Chilling in den Sonnenuntergang sitzend

Ab dem 1.März 2026 bin ich für ein Jahr im Sabbatical. Raus aus dem Hamsterradjob, rein in eine Weltreise. Wobei ich sagen muss, dass ich wirklich ein Traumjob habe, aber es gibt halt noch andere Träume auf dieser Welt und die will ich jetzt in Angriff nehmen.

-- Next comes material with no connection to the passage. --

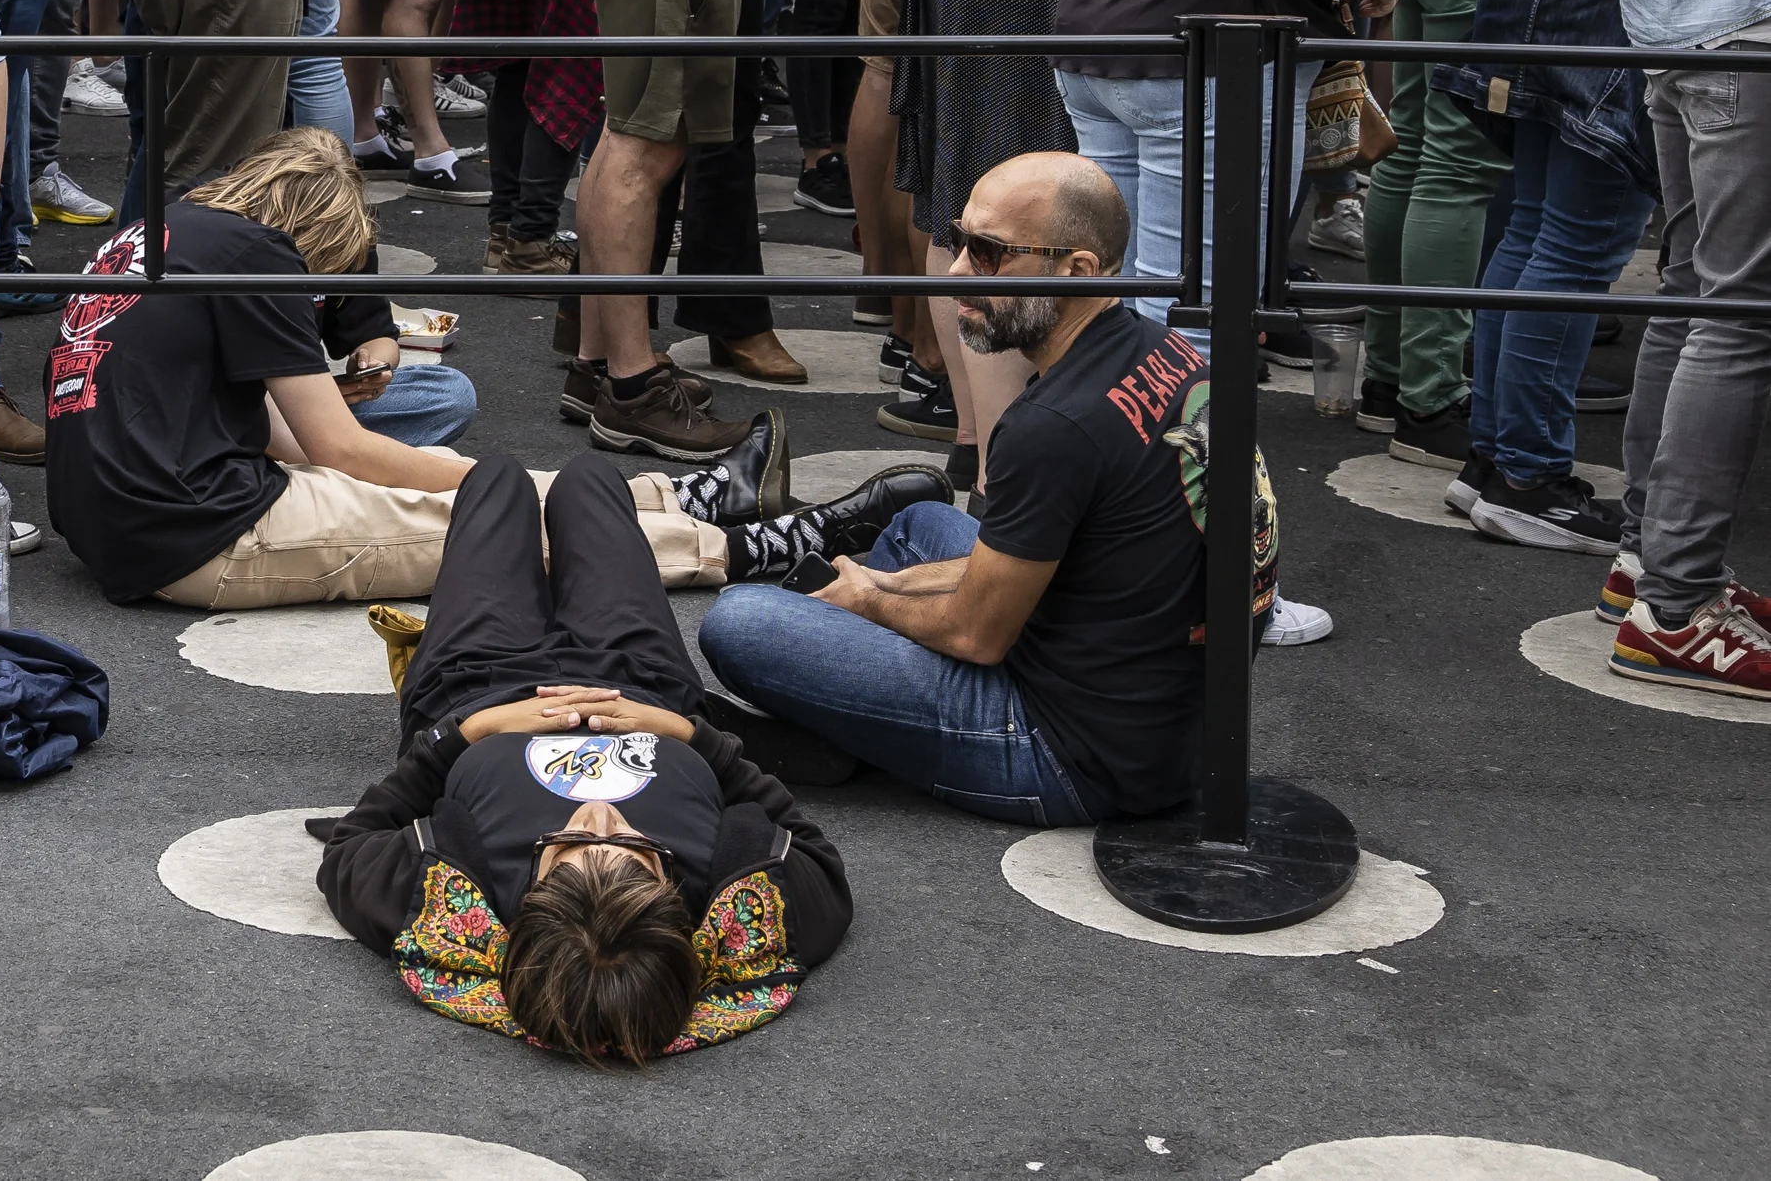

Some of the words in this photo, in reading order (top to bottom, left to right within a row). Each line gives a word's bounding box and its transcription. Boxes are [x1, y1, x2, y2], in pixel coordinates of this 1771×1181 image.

[1106, 348, 1188, 445] PEARL
[1164, 329, 1210, 372] JA
[1253, 593, 1271, 612] UNE
[1691, 637, 1748, 673] N
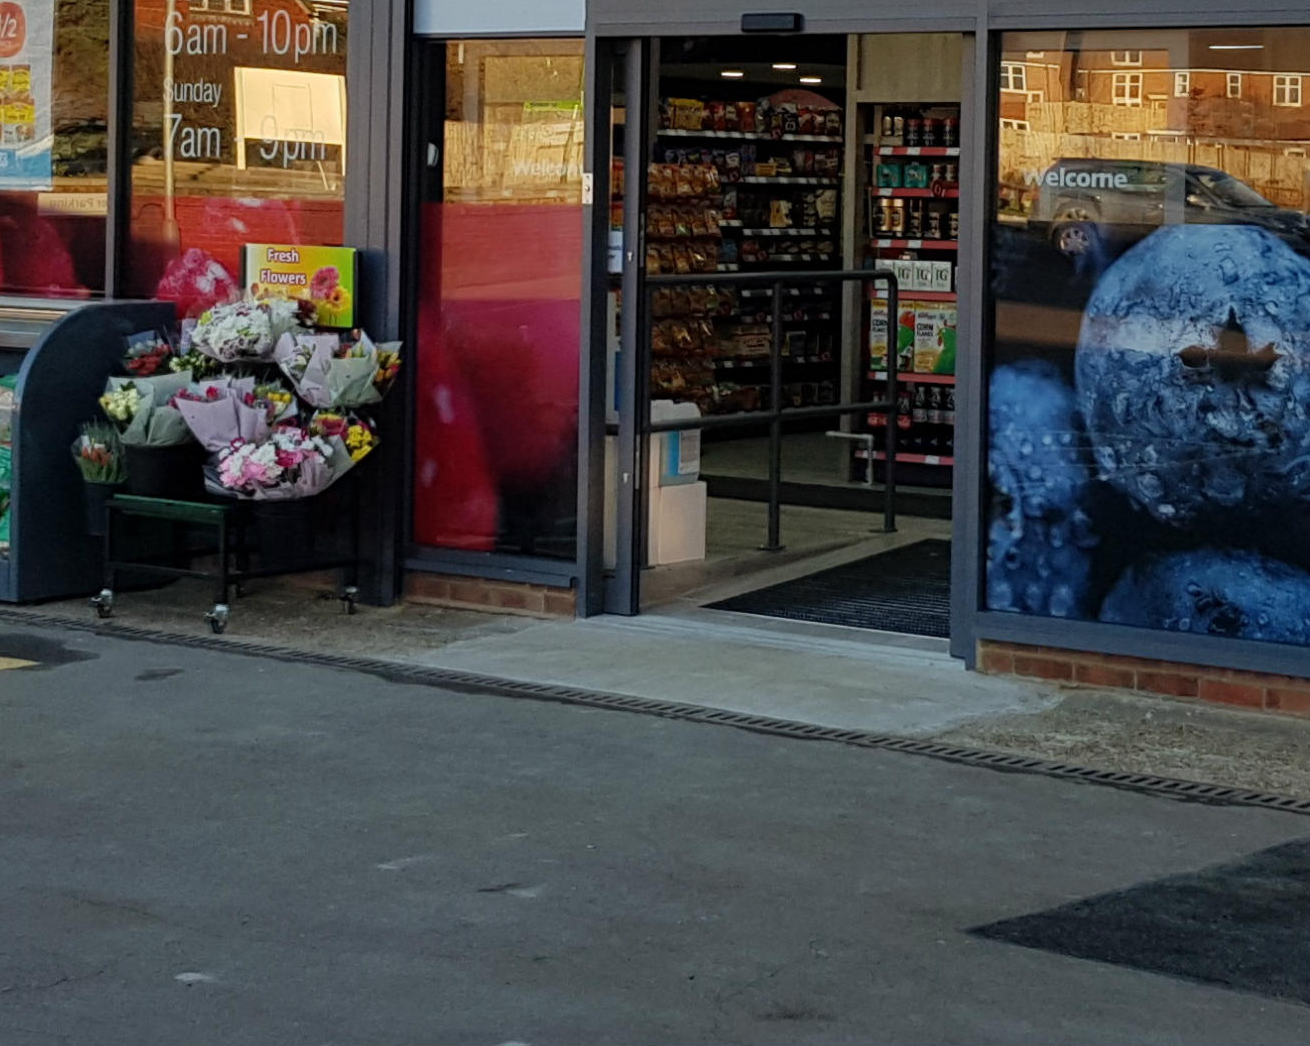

Chilling an Al Ula Saudi-Arabien

Es gibt keine bessere Zeit als jetzt

Die beste Zeit, seine Träume zu leben, ist nicht ab der Rente, sondern so lange es Körper und Geist zulassen. Ich bin jetzt jung 57, aber ich merke meinen Körper, und es gab auch schon die ersten gesundheitlichen Einschläge, und das gibt zu denken. Ich habe eine Menge erlebt in meinem Leben und kann ganze Bücher mit Lagerfeuergeschichten füllen. An Abenteuern hat es mir nie gemangelt, sei es mit dem Fahrrad von Lübeck nach Gibraltar, mit dem Motorrad quer durch Europa oder auf Fernreisen nach Neuseeland, Mauritius oder Costa Rica. Ich hab auch eine lange Bucket List mit vielen Haken. Ich war Fallschirmspringen, bin mit dem Motorrad 300 km/h gefahren, hab den Watzmann bestiegen und hab mit Mantas auf den Malediven getaucht. Aber auch andere Buckets gab es, z. B. Vorlesungen und Keynotes gehalten, Forschungsanträge erfolgreich gestellt und Konferenzen wie die Moodlemoot oder das Barcamp Lübeck mitgegründet. Ich blicke auf viele Erfolge, aber auch Misserfolge zurück, aber ich war noch nie richtig im Ausland. Damals als Student gab es noch kein Erasmus für mich, und meine drei Bewerbungen ins Ausland waren nicht erfolgreich, sonst wäre mein Leben sicherlich anders verlaufen. Doch jetzt hab ich eine Chance, das aufzuholen, und deshalb will ich einmal um die Welt.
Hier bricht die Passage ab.